Friday, January 01, 2010

10 Green Ways

All Gain: No Pain
10 Easy, Cheap Ways to Save Energy, Save Money & Save the Planet

1. Reduce, Reuse, Recycle
Do your part to reduce waste by choosing reusable products instead of disposables. Buying products with minimal packaging (including the economy size when that makes sense for you) will help to reduce waste. And whenever you can, recycle paper, plastic, newspaper, glass and aluminum cans.

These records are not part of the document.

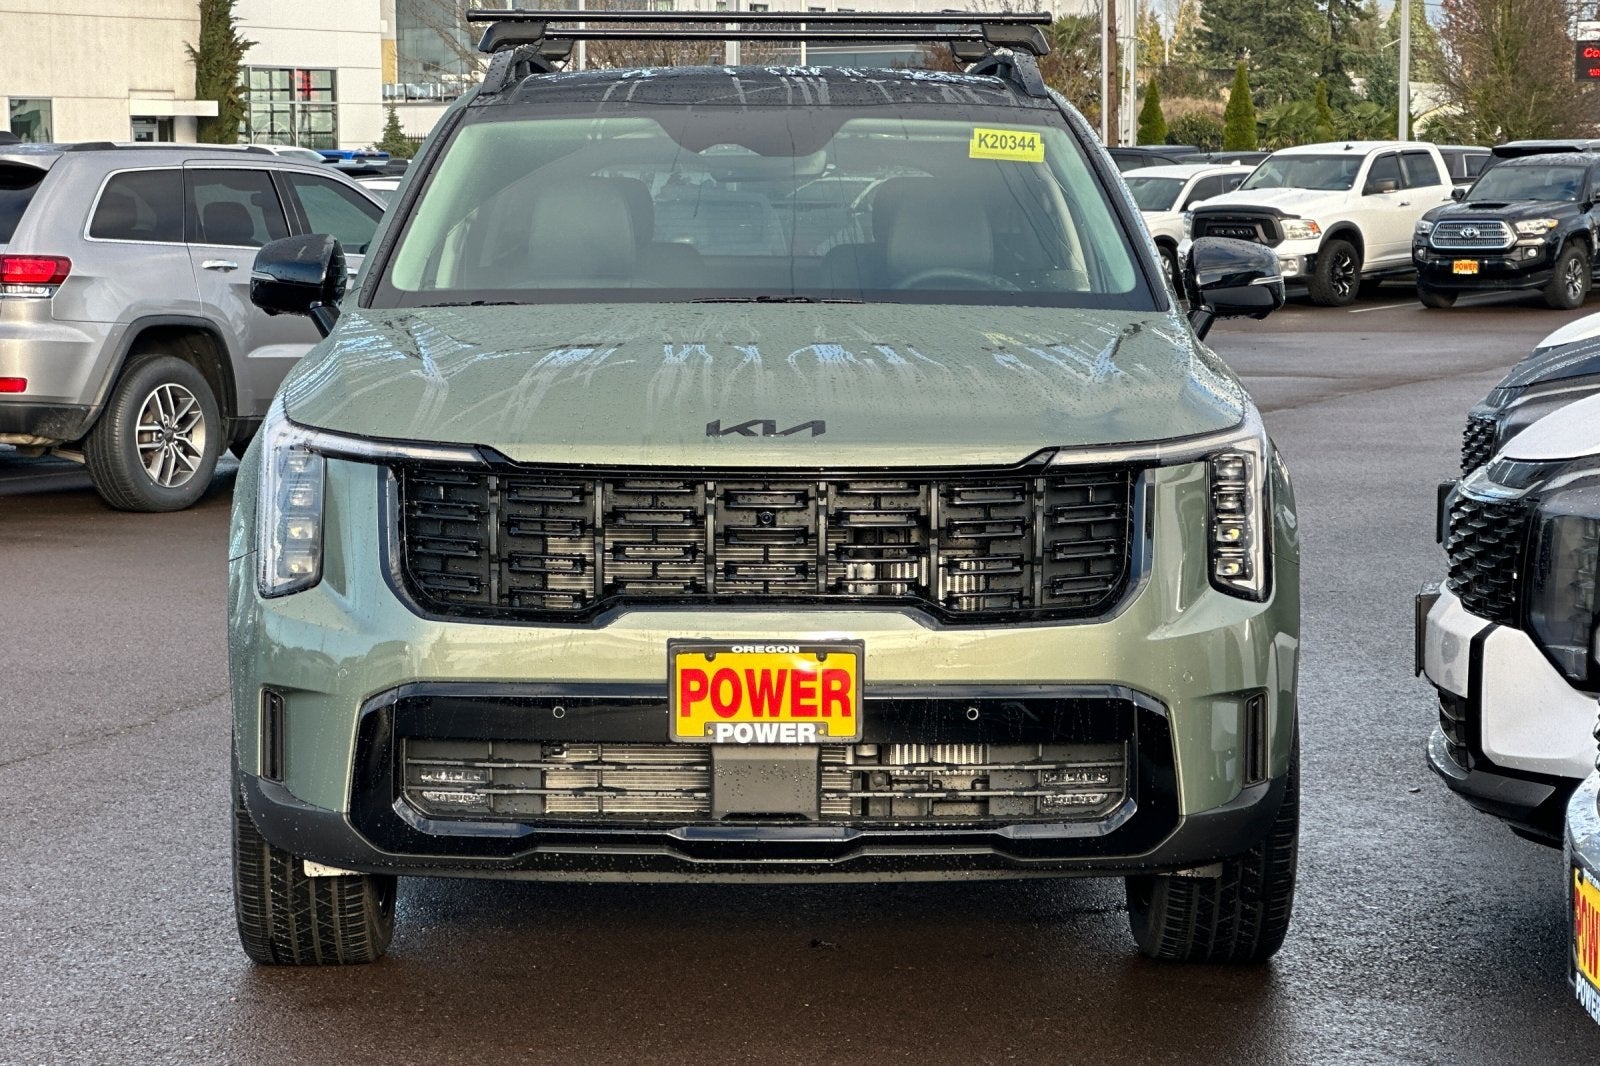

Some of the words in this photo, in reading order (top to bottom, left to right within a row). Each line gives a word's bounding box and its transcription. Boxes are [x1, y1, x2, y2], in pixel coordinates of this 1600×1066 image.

[1584, 47, 1600, 58] Co
[978, 133, 1036, 151] K20344
[731, 645, 800, 653] OREGON
[680, 667, 852, 719] POWER
[716, 722, 816, 744] POWER
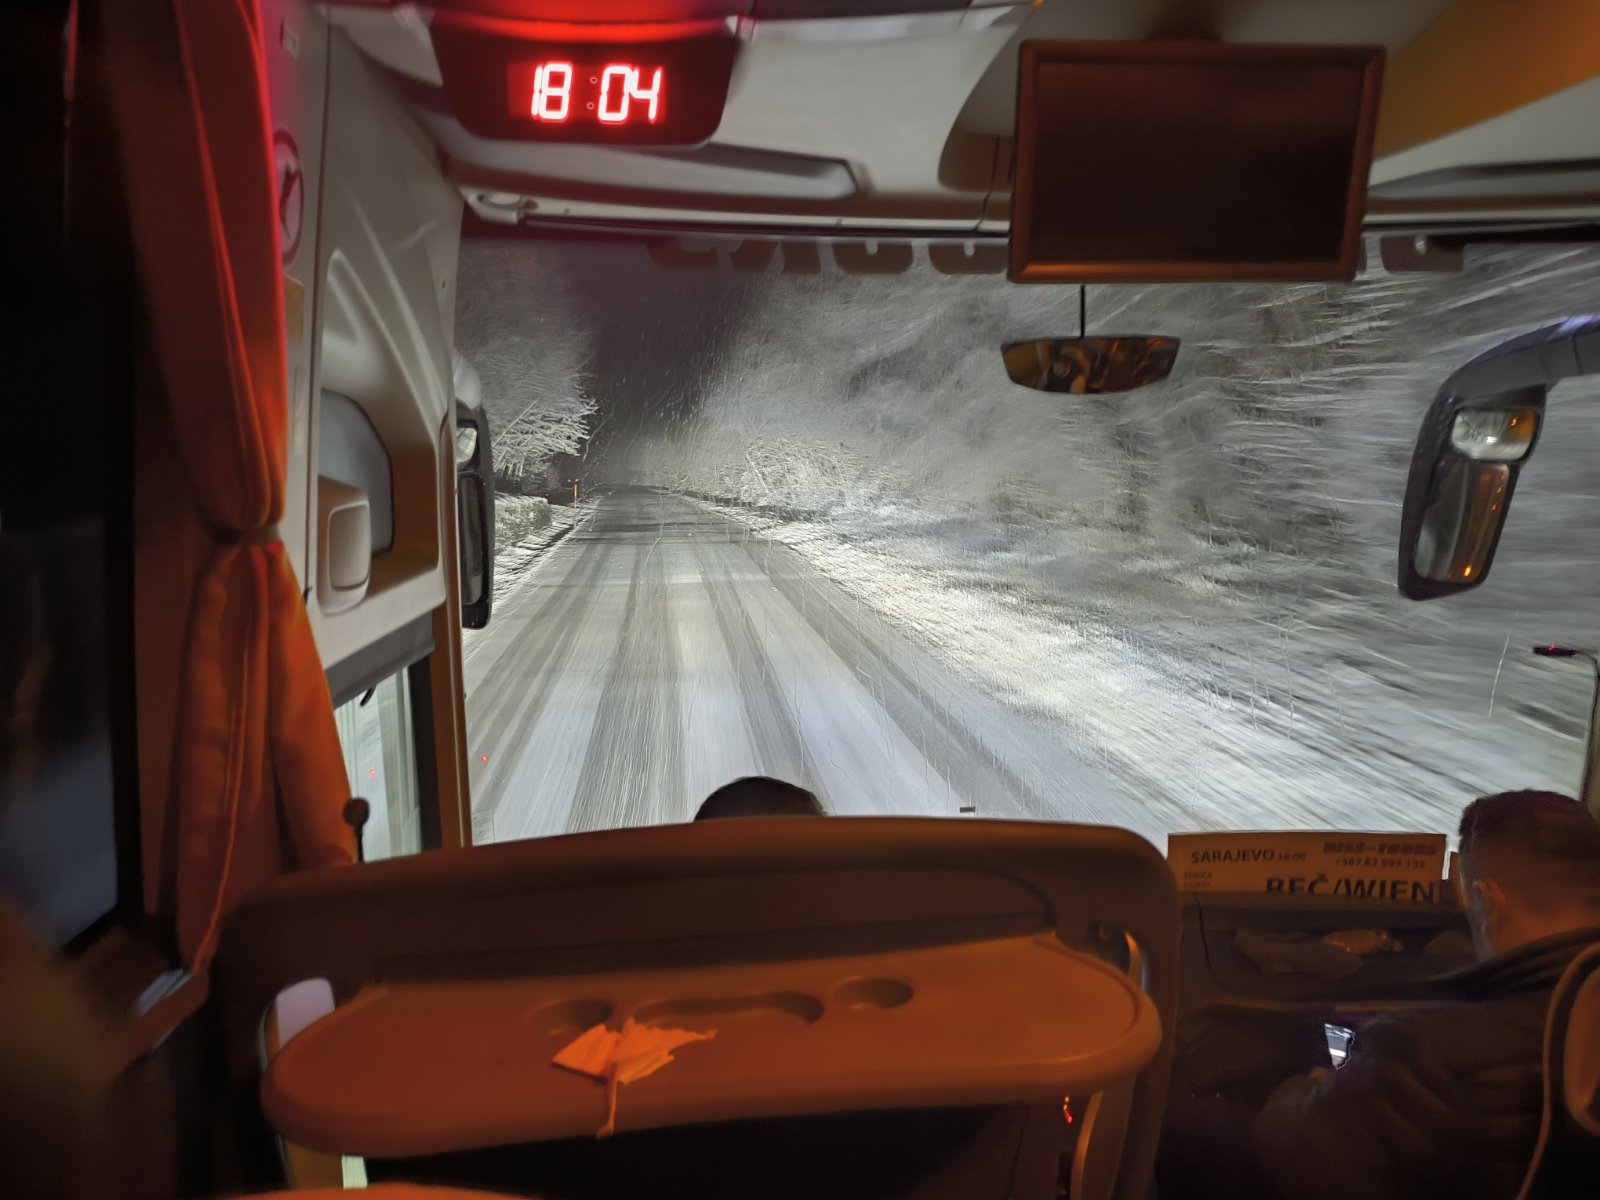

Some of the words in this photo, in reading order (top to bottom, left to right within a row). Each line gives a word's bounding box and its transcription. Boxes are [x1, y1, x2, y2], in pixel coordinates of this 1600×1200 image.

2. Use Less Heat and Air Conditioningthinkgreen
Turn down the heat while you're sleeping at night or away during the day, and keep temperatures moderate at all times. Remove or cover window air conditioners in the winter. Weatherize your home or apartment, using caulk and weather stripping to plug air leaks around doors and windows.

3. Change a Light Bulb
Wherever practical, replace regular light bulbs with compact fluorescent light (CFL) bulbs.

4. Drive Less and Drive Smart
Less driving means fewer emissions. Besides saving gasoline, walking and biking are great forms of exercise. Use mass transit system, and check out options for carpooling to work or school.

5. Clean green.
Use non-toxic cleaning products or make your own using baking soda, club soda, vinegar and salt.

6. Use Less Hot Water
Set your water heater at 120 degrees to save energy, and wrap it in an insulating blanket if it is more than 5 years old. Buy low-flow shower heads to save hot water. Wash your clothes in warm or cold water. Use the energy-saving settings on your dishwasher, don't pre-rinse, and let the dishes air-dry.

7. Use the "Off" Switch
Save electricity and reduce global warming by turning off lights when you leave a room, and using only as much light as you need. And remember to turn off your television, video player, stereo and computer when you're not using them.

8. Do the Maintenance
When you do drive, make sure your car is running efficiently (check tire pressure, fluids, hoses, belts; change fluids) Change air conditioner, air cleaner filters.  Clean radiators. Fix leaky valves and faucets.

9. Eat smart
If you eat meat, add one meatless meal a week. Meat costs a lot at the store-and it's even more expensive when you consider the related environmental and health costs. Buy locally raised, humane, and organic meat, eggs, and dairy whenever you can. Purchasing from local farmers keeps money in the local economy.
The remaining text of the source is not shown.